La joven profirió un grito y se apartó de él. Manfredo se levantó para seguirla cuando la luna, que entonces estaba alta y brillaba en la ventana de enfrente, presentó ante su vista las plumas del yelmo fatal, que alcanzaban la altura de las ventanas, ondeando atrás y adelante como en una tempestad, acompañada de un sonido seco y susurrante. Isabella, que pese a su situación hacía acopio de valor, y que nada temía más que Manfredo continuara con su declaración, exclamó:

—¡Mirad, mi señor que el mismo cielo está en contra de vuestras impías intenciones!

—Ni el cielo ni el infierno se opondrán a mis designios —replicó Manfredo avanzando de nuevo para alcanzar a la princesa.

En ese instante, el retrato de su abuelo, que colgaba sobre el banco donde habían estado sentados, exhaló un hondo suspiro e hinchó su pecho. Isabella, de espaldas a la pintura, no advirtió el movimiento ni supo de dónde provenía el sonido, pero se detuvo y dijo, a la vez que se dirigía a la puerta:

—¡Escuchad, mi señor! ¿Qué ruido es ese?

Manfredo, indeciso entre la huida de Isabella, que ahora había alcanzado la escalera, y su incapacidad para apartar los ojos de la pintura, que empezaba a moverse, había avanzado algunos pasos tras la joven, pero sin dejar de mirar atrás, al retrato. Vio entonces a éste abandonar el cuadro y descender al pavimento con gesto grave y melancólico.

—¿Estoy soñando? —exclamó Manfredo retrocediendo—. ¿O es que los demonios se han aliado contra mí? ¡Habla, infernal espectro! Y si eres mi abuelo, ¿por qué conspiras tú también contra tu atribulado descendiente, que tan alto precio está pagando por...?

Antes de que pudiera terminar la frase, la visión suspiró de nuevo e hizo una señal a Manfredo para que la siguiera.

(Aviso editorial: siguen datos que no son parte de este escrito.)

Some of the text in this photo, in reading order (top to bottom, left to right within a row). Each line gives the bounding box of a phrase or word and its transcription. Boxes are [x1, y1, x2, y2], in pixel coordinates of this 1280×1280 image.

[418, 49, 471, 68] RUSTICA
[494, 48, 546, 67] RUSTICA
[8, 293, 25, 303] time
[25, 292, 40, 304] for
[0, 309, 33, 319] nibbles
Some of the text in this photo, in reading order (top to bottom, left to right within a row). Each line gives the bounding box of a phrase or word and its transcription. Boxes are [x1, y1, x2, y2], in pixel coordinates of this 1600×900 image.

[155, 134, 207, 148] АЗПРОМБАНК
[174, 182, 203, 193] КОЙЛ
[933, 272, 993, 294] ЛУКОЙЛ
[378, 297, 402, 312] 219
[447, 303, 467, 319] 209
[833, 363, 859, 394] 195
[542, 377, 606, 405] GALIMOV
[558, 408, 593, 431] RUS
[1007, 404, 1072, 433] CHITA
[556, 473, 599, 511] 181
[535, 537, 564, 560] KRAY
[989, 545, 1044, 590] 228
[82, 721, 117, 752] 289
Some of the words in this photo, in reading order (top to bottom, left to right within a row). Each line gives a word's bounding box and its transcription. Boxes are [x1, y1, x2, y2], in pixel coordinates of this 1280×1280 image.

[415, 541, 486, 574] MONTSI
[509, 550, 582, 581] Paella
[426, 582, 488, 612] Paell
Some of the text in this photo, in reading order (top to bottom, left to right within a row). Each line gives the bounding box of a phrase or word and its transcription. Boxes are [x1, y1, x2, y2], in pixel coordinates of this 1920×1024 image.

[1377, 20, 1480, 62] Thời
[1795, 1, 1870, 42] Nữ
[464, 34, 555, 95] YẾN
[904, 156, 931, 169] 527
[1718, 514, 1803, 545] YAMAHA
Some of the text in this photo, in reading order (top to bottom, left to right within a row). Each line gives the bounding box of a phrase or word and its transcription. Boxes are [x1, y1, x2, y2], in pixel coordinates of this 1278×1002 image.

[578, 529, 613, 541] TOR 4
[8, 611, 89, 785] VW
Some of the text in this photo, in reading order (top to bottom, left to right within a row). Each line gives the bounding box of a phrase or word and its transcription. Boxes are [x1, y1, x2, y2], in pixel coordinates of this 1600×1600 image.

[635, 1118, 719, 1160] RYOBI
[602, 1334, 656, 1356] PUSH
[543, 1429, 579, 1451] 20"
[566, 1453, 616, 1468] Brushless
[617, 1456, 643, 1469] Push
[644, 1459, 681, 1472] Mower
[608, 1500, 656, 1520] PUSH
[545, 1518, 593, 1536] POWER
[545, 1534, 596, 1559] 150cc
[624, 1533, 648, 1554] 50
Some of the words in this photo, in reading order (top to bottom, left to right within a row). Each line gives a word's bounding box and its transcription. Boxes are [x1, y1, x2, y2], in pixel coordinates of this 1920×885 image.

—¡Guíame! —gritó Manfredo—. Te seguiré hasta el abismo de la perdición.

El espectro avanzó con calma, pero apesadumbrado, hacia el final de la galería, y penetró en una sala a mano derecha. Manfredo le acompañaba a escasa distancia, lleno de ansiedad y horror, pero decidido. Cuando iba a entrar en la estancia, una mano invisible cerró la puerta con violencia. El príncipe, haciendo acopio de valor, trató de forzar la puerta a puntapiés, pero resistía a sus esfuerzos más extremos.

—Puesto que el infierno no satisfará mi curiosidad —dijo Manfredo—, utilizaré los medios humanos a mi alcance para preservar mi linaje. Isabella no se me escapará.